Del resto, lui gli faceva da autista e presenziava a riunioni nel corso delle quali Barberio «guadagnava la stima del clan che lo identificava in una sorta di punta di diamante nonché di corda tesa tra ambienti malavitosi e imprenditoria». Barberio «non era certo costretto a subire estorsioni ma si limitava a distrarre margini di profitto derivanti dalle sue iniziative interessandosi all’acquisizione di terreni per l’allocazione di fabbriche e concorrendo a realizzare lavori per gli insediamenti». Il «tornaconto del clan» consisteva in una «percentuale sui guadagni» e, inoltre, «Barberio era utilizzato da Grande Aracri anche per la scelta degli investimenti».
RICICLAGGIO NEL TURISMO
Rilevante il contributo dell’imprenditore Giovanni Notarianni, lametino anche lui, attuale titolare di Porto Kaleo, oggi testimone di giustizia. È stato lui a raccontare, prima agli inquirenti e poi nelle aule giudiziarie, un calvario durato 20 anni. E in particolare dal 2001, quando Notarianni, amministratore di Alberghi del Mediterraneo srl che gestisce il villaggio Porto Kaleo, subentrò nella proprietà della struttura per averla acquistata all’asta per circa 8 miliardi di ex lire. Già l’acquisto della struttura coincideva con l’inizio di una traversia persecutoria che, per quasi un ventennio, vedeva la famiglia Notarianni sottoposta al giogo oppressivo della ‘ndrangheta che, in base a rigide logiche di spartizione territoriale, condizionava tutto nel villaggio, dalle assunzioni alle forniture.

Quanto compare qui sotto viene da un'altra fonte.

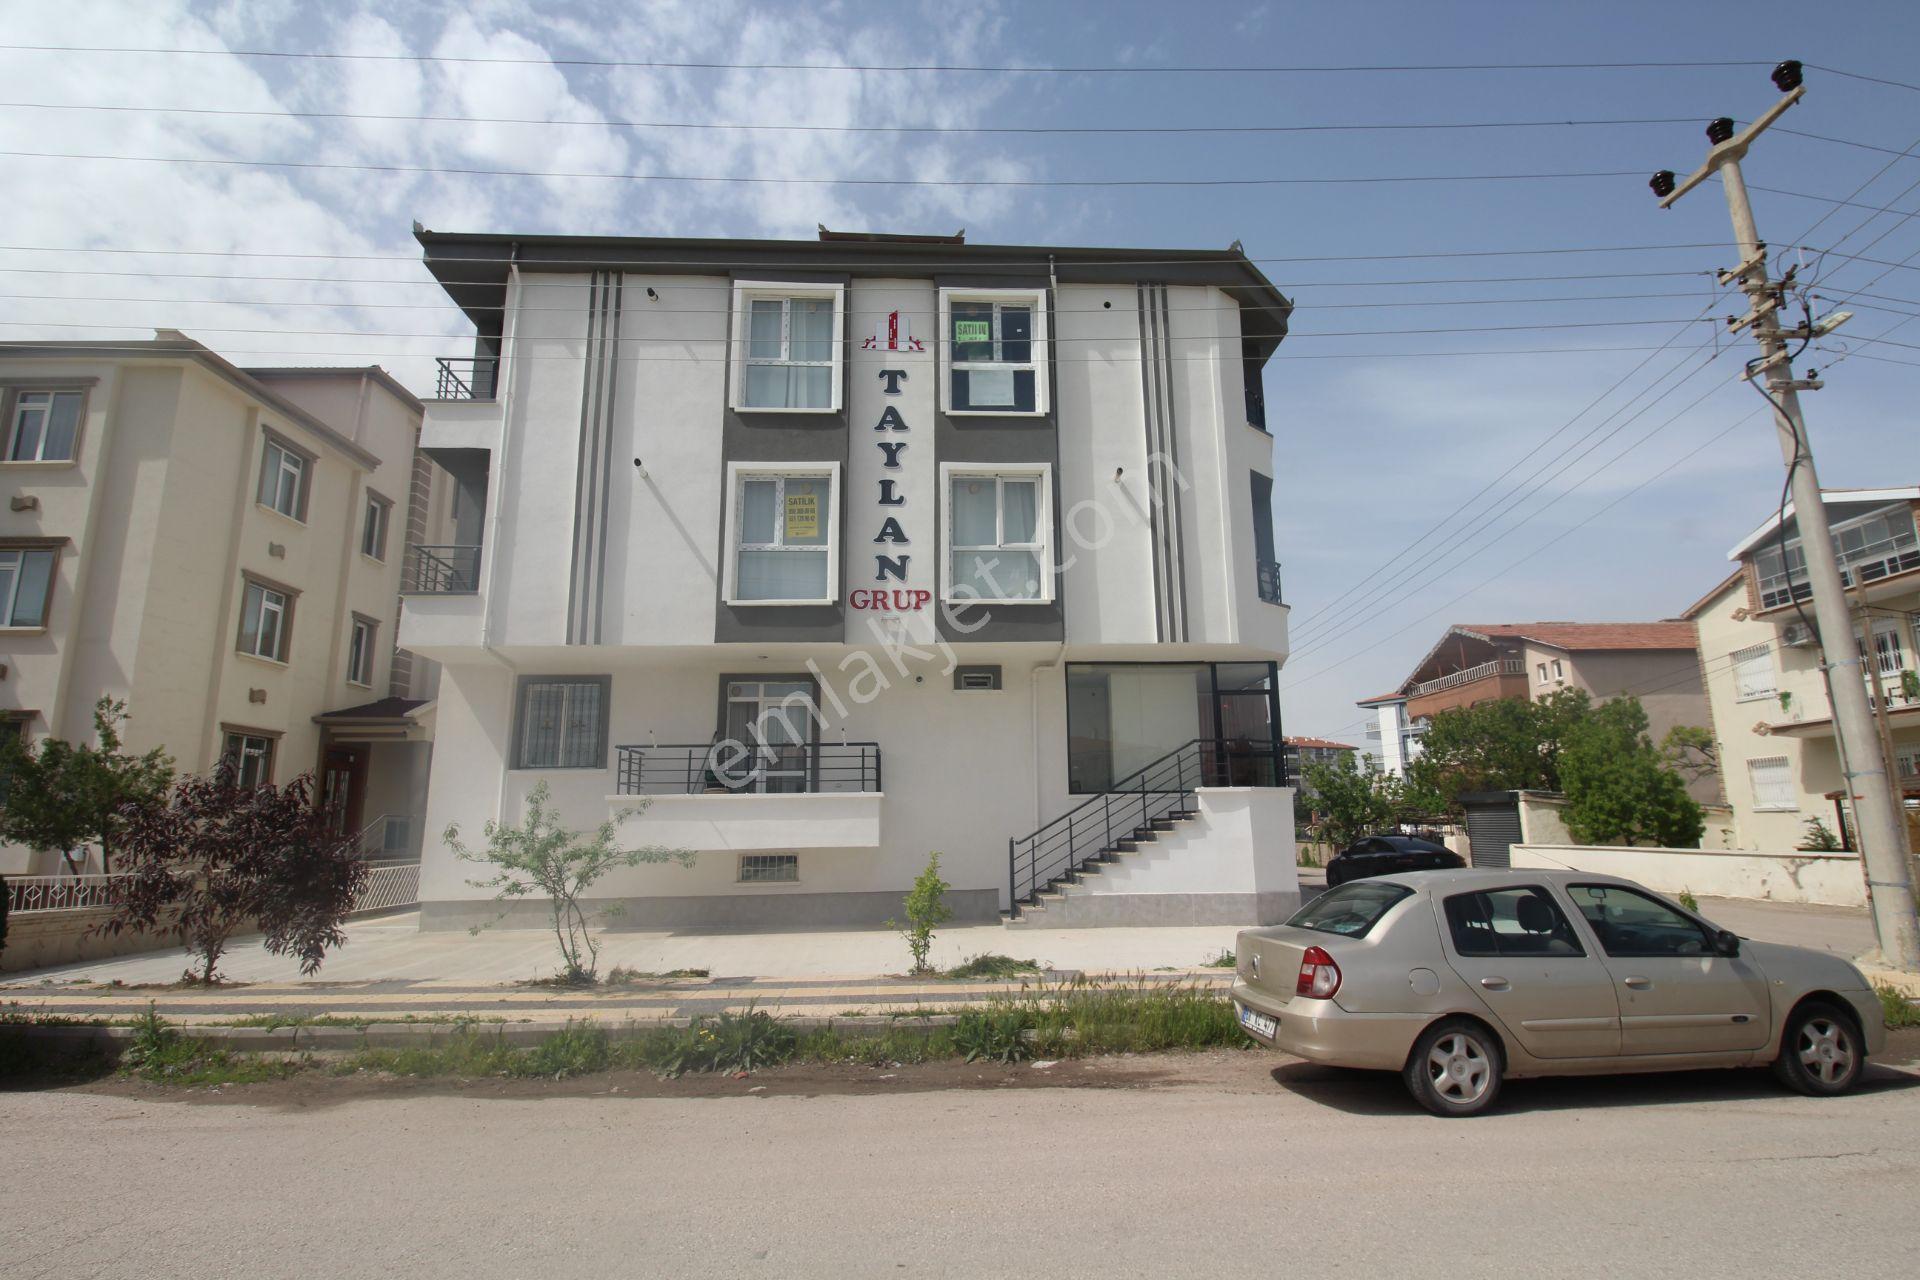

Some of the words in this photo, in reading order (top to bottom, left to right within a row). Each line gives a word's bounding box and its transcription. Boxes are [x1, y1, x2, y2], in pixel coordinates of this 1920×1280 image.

[873, 369, 910, 581] TAYLAN
[788, 497, 815, 505] SATILIK
[850, 589, 931, 611] GRUP

GRANDE ARACRI E LE ACCUSE DEI NOTARIANNI
Qualcosa scattò, in Notarianni, quando nel villaggio si presentò, con una scorta di otto uomini, appena scarcerato, il boss Grande Aracri, che successivamente sarebbe stato condannato come capo supremo di una “provincia” di ‘ndrangheta il cui dominio si estendeva ben oltre il Crotonese, sulla Calabria mediana e settentrionale e parte dell’Emilia, della Lombardia e del Veneto. Grande Aracri posò su un bancone una scatola nera, un rilevatore di frequenze che inibiva le intercettazioni, e chiese a Carla Rettura, la madre di Notarianni, la restituzione di un prestito a suo dire investito nella struttura dall’ex gestore che era appunto Pasquale Barberio. Un milione e mezzo di euro. «Altrimenti il bene non se lo gode nessuno».
Da allora Notarianni decise di non pagare più. Per quell’episodio, pure denunciato dalla famiglia Notarianni, il boss fu alla fine assolto. Diversa la sorte per la famiglia Mannolo di San Leonardo di Cutro, sepolta da condanne proprio in seguito alle denunce di Notarianni per il racket imposto a Porto Kaleo.

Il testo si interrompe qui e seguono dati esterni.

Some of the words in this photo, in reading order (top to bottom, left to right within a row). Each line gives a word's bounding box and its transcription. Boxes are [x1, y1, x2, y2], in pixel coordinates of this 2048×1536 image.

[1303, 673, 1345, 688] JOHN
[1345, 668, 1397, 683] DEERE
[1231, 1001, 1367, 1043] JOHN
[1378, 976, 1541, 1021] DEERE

Il collegio ritiene «possibile» che, come asserisce il pentito Liperoti, Grande Aracri «abbia ingigantito le cifre in gioco ed oggetto di investimento allo scopo di colorare le pretese estorsive». Insomma, grazie a Barberio il clan ha iscritto Porto Kaleo nella propria «agenda economica».
BARBERIO “CONSIGLIOR” DEL BOSS, IL CASO DEI CANI AVVELENATI
E se la difesa cita l’episodio dell’avvelenamento di cani deciso in un summit alla presenza dei plenipotenziari delle cosche alleate di Isola Capo Rizzuto adirati con l’imprenditore per il mancato rispetto di patti relativi a un investimento nel campo del turismo, il Tribunale rileva che «se Barberio non fosse stato intraneo all’universo mondo criminale cutrese non vi sarebbe stato alcun motivi per invocare l’auctoritas del boss Grande Aracri». Anzi, «il suo interessamento è la cartina di tornasole dell’appartenenza di Barberio al suo clan».